A redirect is finish when OnRedirectResult is called
http://mxr.mozilla.org/mozilla-central/source/netwerk/protocol/http/HttpChannelParentListener.cpp#166
In this function HttpChannelParentListener sets mNextListener to the new redirected HttpChannelParent.

In the log, that crashes, this function is never called, but OnStartRequest is called from the new nsHttpChannel. Further HttpChannelListener calls OnStartRequest of the old HttpChannelParent (the mChannel in HttpChannelParent is not the same as the calling HttpChannel, mChannel is the old one). This OnStartRequest causes divert-to-parent and suspends a channel, but it suspends the old channel because everything is going through the old HttpChannelParent, so the new channel is not suspending and calls OnDataAvailable which cause crash because diversion to parent is not finished jet.

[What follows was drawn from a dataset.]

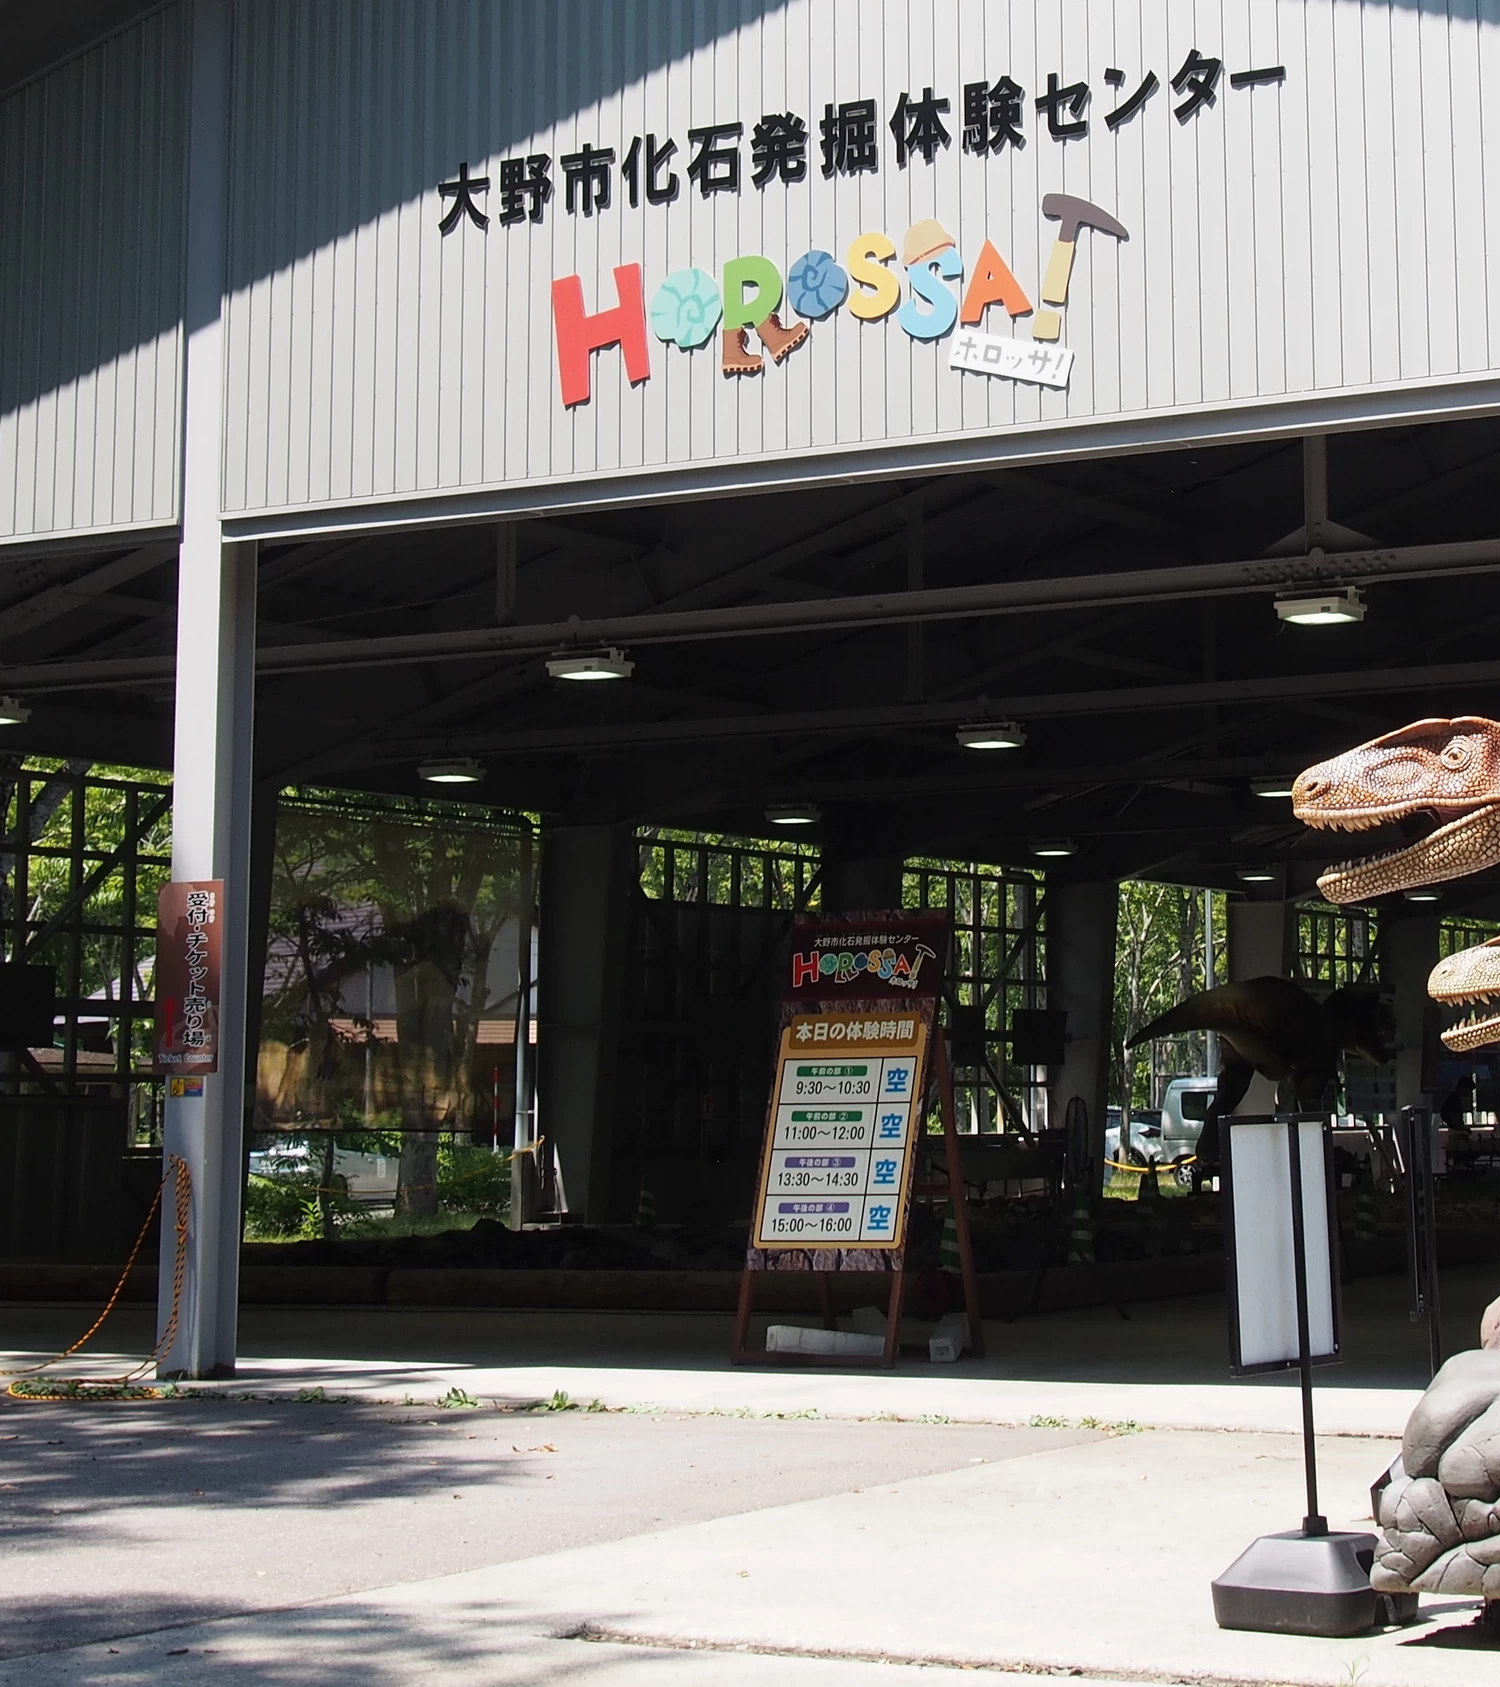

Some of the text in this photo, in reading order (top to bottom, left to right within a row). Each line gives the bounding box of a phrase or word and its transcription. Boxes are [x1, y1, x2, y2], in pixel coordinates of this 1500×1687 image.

My patch checks whether a redirect is finished when OnStartRequest is called (It should be).
Necko code handles redirect properly, so this will be just a check if somebody change something (to check if it is working properly). An addon was doing a strange redirect which was causing this crash. Jason told me that OnRedirectResult has been introduces for e10s only so without e10s addons have not had to call OnRedirectResult.


I hope this is explains better.
Flags: needinfo?(dd.mozilla)
Just had Mozilla/5.0 (Windows NT 6.1; WOW64; rv:38.0) Gecko/20100101 Firefox/38.0 ID:20150116030203 CSet: cac6192956ab crash like bp-926ad431-c139-4c72-b6b6-6353e2150116

ADB Helper 0.7.3
Adblock Plus 2.6.6.3883
Click to Play per-element 0.0.7
Diccionario de Español/México 1.1.3
Firefox OS 2.0 Simulator 2.0.20140918
Flashblock 1.5.18 [DISABLED]
Gecko Profiler 1.10.17
Iconic Firefox Menu 2.0 [DISABLED]
IDS_SS_NAME IDS_SS_VERSION [DISABLED]
Nightly Tester Tools 3.7
Pixlr Grabber 2.1.4
Test Pilot 1.2.3 [DISABLED]

I don't even have NoScript my steps involved clicking a PDF result on a Bing search result set.
Version: unspecified → Trunk
Can you reproduce it?

If you can, can you turn on http logging and upload the log?
Flags: needinfo?(alex_mayorga)
Unfortunately no, I tried a few times =(

IIRC it crashed when clicking the top most result at http://www.bing.com/search?q=Java+Netbackup+7.5+client+system+requirements&pc=MOZI&form=MOZSBR
Flags: needinfo?(alex_mayorga)
Thank you.
I will look at it and try to figure out what could have cause the crash
May I ask you to send me http log going trough the step that cause the crash, even if it does not produce a crash (https://developer.mozilla.org/en-US/docs/Mozilla/Debugging/HTTP_logging).

Thank you!
Flags: needinfo?(alex_mayorga)
Attached patch add checks (obsolete) — Splinter Review
Attachment #8540723 - Attachment is obsolete: true
Attachment #8551152 - Flags: review?(honzab.moz)
Comment on attachment 8551152 [details] [diff] [review]
add checks

Review of attachment 8551152 [details] [diff] [review]:
-----------------------------------------------------------------

Disclaimer: this can be dangerous, we may have a situation where this won't pass but the codepath is correct.  We'll see.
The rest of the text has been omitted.